For me this was the Pathumwan Princess Hotel, which boasts a range of facilities rarely seen elsewhere. It is built atop an entire city block, along with the internationally renowned MBK Mall to which it is linked – giving instant access to some 2,000 shops ranging from exotic to the eccentric. There are seven cinemas, a bowling alley, hundreds of restaurants, and all the usual fast food troupers like Mc Donalds, Dunkin Donut and the ‘Colonel’.
This is a shopping emporium like none other. Reaching over seven stories, there is something for everyone, and for all tastes - from classic to kitsch. But most amazing of all is the range of culinary options. On the 5th floor is the sophisticated 5th Avenue International Food Hall, where hungry gourmands can circumnavigate the globe by visiting stylishly presented food centres all offering traditional meals from around the world. Italian, Dutch, Greek, Indian, Indonesian, and of course many variations on a Thai theme – all contribute to a bacchanalian spread.
One floor up is another sprawling food court catering for simpler food tastes along the lines of those found in South African malls, but featuring local cuisine.
Need a new suit - no problem - I saw at least three tailors with impressive stock ranges ready to deliver one within 24 hours. As it happened I bought a very good pair of jeans from a hole in the wall for a fraction of the cost back home. And it was modified to an exact fit by an in-house tailor within 30 minutes.

What makes the ‘Princess’ unique is the range of amenities on offer, creating a completely self-contained accommodation biosphere. A sparkling full size pool is set in a club like atmosphere surrounded by attendants, waiters and masseurs (this is a nation of people who knead people).

There is also a jacuzzi
bubbling away in the corner.
On the other side of the building is an enormous slab supporting a couple of tennis courts, two squash pavilions, a badminton hall and a jogging circuit.
The gymnasium is crammed with all the latest equipment, whilst an atmospheric health spa and a beauty salon will pamper the ladies.

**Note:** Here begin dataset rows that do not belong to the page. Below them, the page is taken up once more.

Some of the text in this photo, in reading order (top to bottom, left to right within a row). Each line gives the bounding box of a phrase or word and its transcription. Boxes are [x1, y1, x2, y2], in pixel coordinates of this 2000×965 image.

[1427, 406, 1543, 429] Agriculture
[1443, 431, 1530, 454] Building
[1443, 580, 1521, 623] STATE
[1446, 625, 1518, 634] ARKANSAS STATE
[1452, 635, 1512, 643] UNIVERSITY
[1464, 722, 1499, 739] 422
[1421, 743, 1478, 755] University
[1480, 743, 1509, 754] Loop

If the range of classy restaurants in the MBK Mall is insufficient, there are two authentic Korean restaurants backed up by an Indian eatery situated on the spacious hotel mezzanine level. All of this situated at the epicentre of one of the world’s most frenetic cities.

This was also an introduction to Thailand’s amazingly low accommodation tariffs which specify room rates rather than per person charges (although single occupancies incur a levy).
Booking on line secures a comfortable suite at approximately R1200 – that’s R600 a head for a couple. An extra R580 would provide an executive unit with an adjoining lounge and a small kitchen adding a useful self-catering aspect. And sitting majestically atop 29 stories of bustling good service is the Presidential suite currently available for R5350, with a p.p. rate divisible by the number of occupants. These were of course off season rates, a period which just happens to coincide with our miserable winters.

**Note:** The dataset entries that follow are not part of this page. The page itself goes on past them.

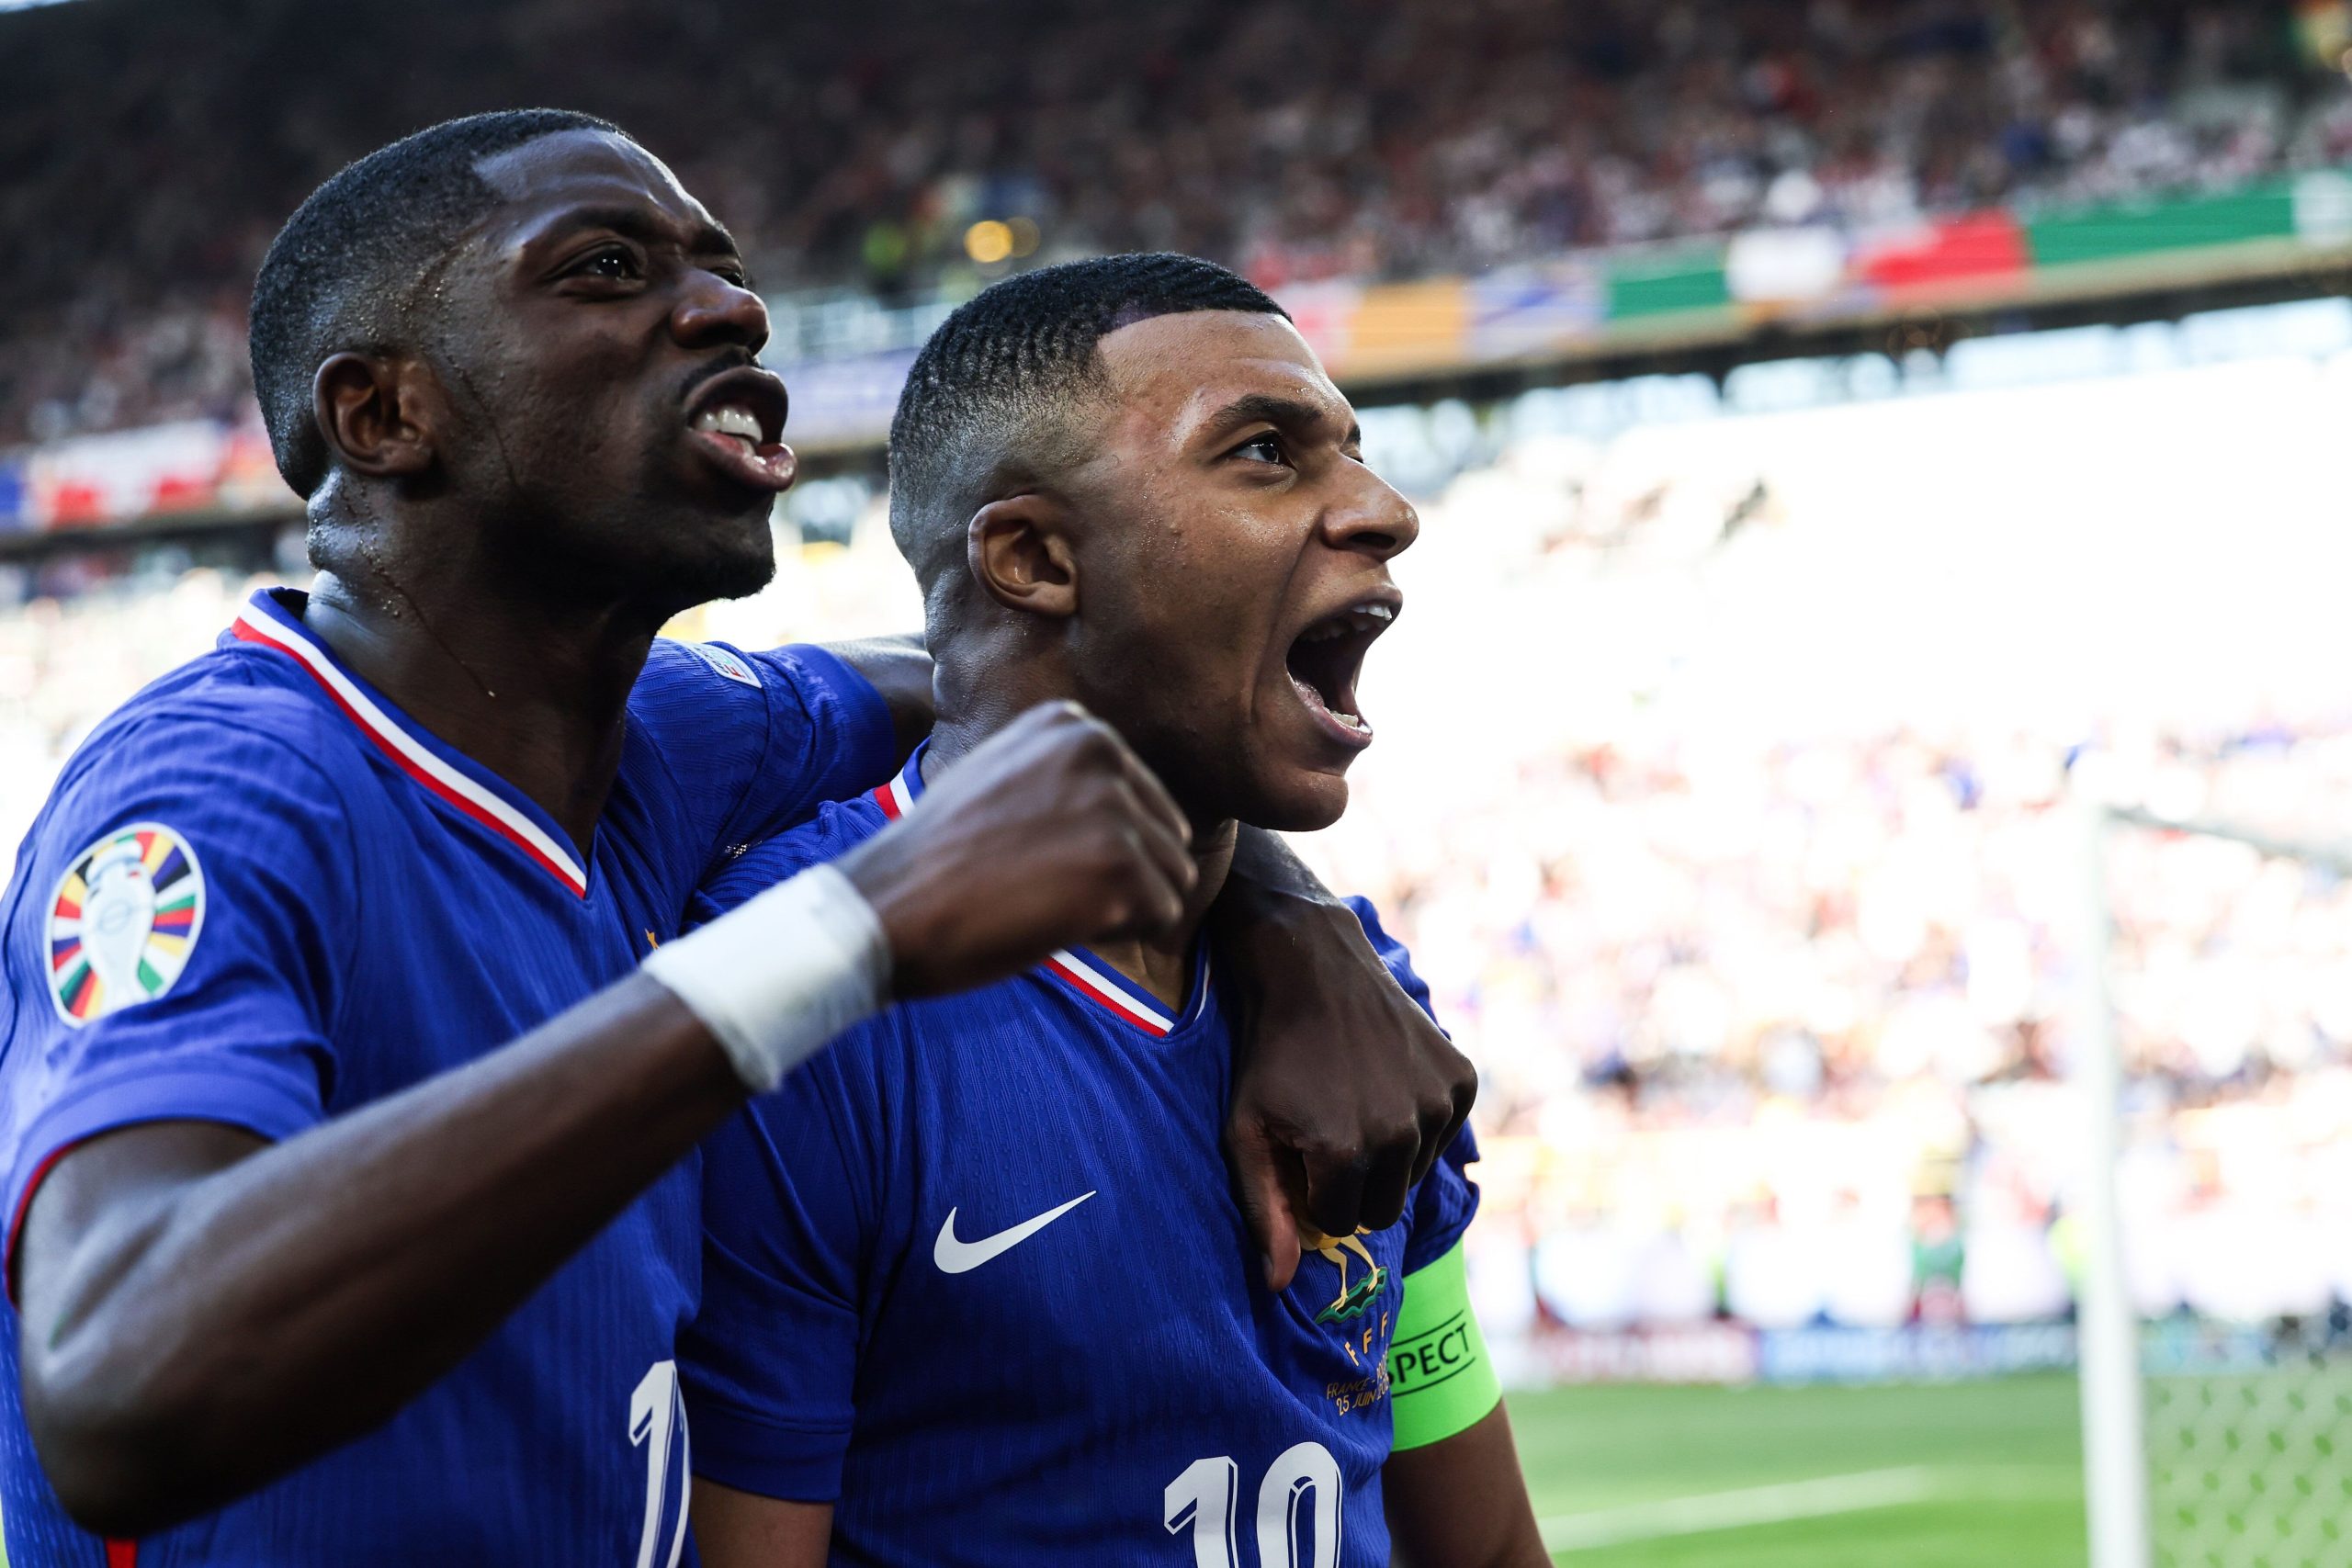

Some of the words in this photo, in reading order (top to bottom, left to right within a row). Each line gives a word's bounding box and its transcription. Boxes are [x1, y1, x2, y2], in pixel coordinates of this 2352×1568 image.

[1387, 1322, 1469, 1385] PECT
[1327, 1377, 1370, 1401] FRANCE
[1336, 1394, 1350, 1416] 25
[1351, 1388, 1377, 1409] JUIN
[1164, 1441, 1342, 1568] 10

The MBK hotel and shopping complex was developed 19 years ago, so the décor lags slightly behind current design trends. In recognition of this the management is planning a complete overhaul and refurbishment for 60 of its executive suites. But until this is a ‘fait accompli’, the choice lies between one of the more fashionable alternatives, or settling into very comfortable lodgings that are a cross between a Sandton shopping mall and a country club.

Finally, herewith confirmation that Bangkok’s reputation for traffic nightmares is well deserved. The solution lies in utilising the excellent Skytrain and underground transport systems running with Swiss watch efficiency. Happily, the ‘Princess’ is a brisk walk away from the Siam Aerial Railway Station which links into the underground network at several points down the line.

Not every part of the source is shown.